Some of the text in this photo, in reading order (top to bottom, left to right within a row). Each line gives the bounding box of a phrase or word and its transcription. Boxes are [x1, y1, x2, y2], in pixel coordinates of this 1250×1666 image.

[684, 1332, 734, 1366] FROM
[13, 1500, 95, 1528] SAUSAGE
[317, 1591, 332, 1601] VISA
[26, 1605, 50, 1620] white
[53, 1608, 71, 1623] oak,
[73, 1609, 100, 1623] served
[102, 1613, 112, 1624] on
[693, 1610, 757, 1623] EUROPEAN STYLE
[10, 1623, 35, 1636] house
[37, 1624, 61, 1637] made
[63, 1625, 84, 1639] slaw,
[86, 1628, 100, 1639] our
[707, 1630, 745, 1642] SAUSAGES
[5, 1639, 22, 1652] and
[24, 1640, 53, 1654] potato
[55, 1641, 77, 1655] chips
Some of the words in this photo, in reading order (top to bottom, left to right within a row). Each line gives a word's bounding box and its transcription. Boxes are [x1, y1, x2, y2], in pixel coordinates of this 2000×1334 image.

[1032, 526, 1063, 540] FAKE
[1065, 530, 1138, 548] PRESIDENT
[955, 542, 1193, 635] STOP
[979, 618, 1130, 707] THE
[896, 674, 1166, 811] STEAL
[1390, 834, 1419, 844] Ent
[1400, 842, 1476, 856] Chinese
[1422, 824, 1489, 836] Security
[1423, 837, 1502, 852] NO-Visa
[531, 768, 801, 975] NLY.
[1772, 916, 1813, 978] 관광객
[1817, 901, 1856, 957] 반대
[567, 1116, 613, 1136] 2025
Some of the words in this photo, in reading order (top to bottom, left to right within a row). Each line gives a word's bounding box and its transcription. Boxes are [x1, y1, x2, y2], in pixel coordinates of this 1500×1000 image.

■ ■ ■ ■ ■

__Assignment__
Return the records above in their entirety, exactly as they appear.

__Reply__
Some of the text in this photo, in reading order (top to bottom, left to right within a row). Each line gives the bounding box of a phrase or word and its transcription. Boxes are [x1, y1, x2, y2], in pixel coordinates of this 1250×1666 image.

[684, 1332, 734, 1366] FROM
[13, 1500, 95, 1528] SAUSAGE
[317, 1591, 332, 1601] VISA
[26, 1605, 50, 1620] white
[53, 1608, 71, 1623] oak,
[73, 1609, 100, 1623] served
[102, 1613, 112, 1624] on
[693, 1610, 757, 1623] EUROPEAN STYLE
[10, 1623, 35, 1636] house
[37, 1624, 61, 1637] made
[63, 1625, 84, 1639] slaw,
[86, 1628, 100, 1639] our
[707, 1630, 745, 1642] SAUSAGES
[5, 1639, 22, 1652] and
[24, 1640, 53, 1654] potato
[55, 1641, 77, 1655] chips
Some of the words in this photo, in reading order (top to bottom, left to right within a row). Each line gives a word's bounding box and its transcription. Boxes are [x1, y1, x2, y2], in pixel coordinates of this 2000×1334 image.

[1032, 526, 1063, 540] FAKE
[1065, 530, 1138, 548] PRESIDENT
[955, 542, 1193, 635] STOP
[979, 618, 1130, 707] THE
[896, 674, 1166, 811] STEAL
[1390, 834, 1419, 844] Ent
[1400, 842, 1476, 856] Chinese
[1422, 824, 1489, 836] Security
[1423, 837, 1502, 852] NO-Visa
[531, 768, 801, 975] NLY.
[1772, 916, 1813, 978] 관광객
[1817, 901, 1856, 957] 반대
[567, 1116, 613, 1136] 2025
Some of the words in this photo, in reading order (top to bottom, left to right within a row). Each line gives a word's bounding box and its transcription. Boxes are [x1, y1, x2, y2], in pixel coordinates of this 1500×1000 image.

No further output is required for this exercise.